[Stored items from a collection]
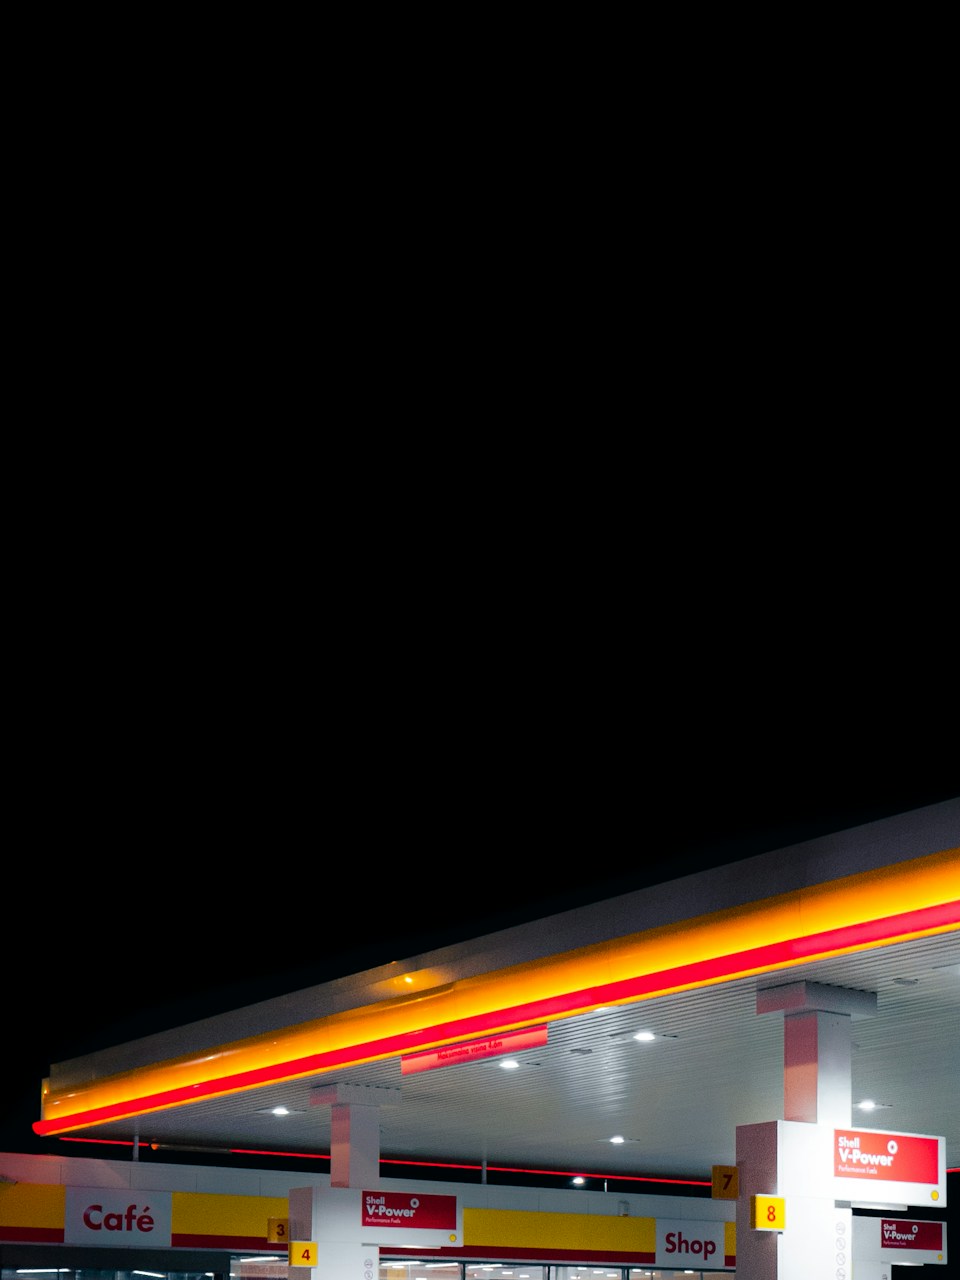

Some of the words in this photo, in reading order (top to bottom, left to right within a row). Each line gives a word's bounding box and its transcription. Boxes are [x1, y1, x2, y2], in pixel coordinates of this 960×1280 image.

[838, 1136, 860, 1149] Shell
[838, 1148, 893, 1167] V-Power
[838, 1165, 865, 1174] Performance
[866, 1166, 878, 1175] Fuels
[723, 1174, 733, 1190] 7
[366, 1196, 385, 1204] Shell
[366, 1204, 415, 1218] V-Power
[767, 1205, 776, 1222] 8
[83, 1204, 155, 1232] Café
[276, 1223, 285, 1236] 3
[884, 1223, 896, 1231] Shell
[884, 1231, 916, 1240] V-Power
[665, 1231, 716, 1261] Shop
[301, 1249, 311, 1260] 4

== WHAT THE EXERCISE ASKS ==
Pictures aren't part of the copy; return each record above exactly.

== SOLUTION FOR THIS EXERCISE ==
Some of the words in this photo, in reading order (top to bottom, left to right within a row). Each line gives a word's bounding box and its transcription. Boxes are [x1, y1, x2, y2], in pixel coordinates of this 960×1280 image.

[838, 1136, 860, 1149] Shell
[838, 1148, 893, 1167] V-Power
[838, 1165, 865, 1174] Performance
[866, 1166, 878, 1175] Fuels
[723, 1174, 733, 1190] 7
[366, 1196, 385, 1204] Shell
[366, 1204, 415, 1218] V-Power
[767, 1205, 776, 1222] 8
[83, 1204, 155, 1232] Café
[276, 1223, 285, 1236] 3
[884, 1223, 896, 1231] Shell
[884, 1231, 916, 1240] V-Power
[665, 1231, 716, 1261] Shop
[301, 1249, 311, 1260] 4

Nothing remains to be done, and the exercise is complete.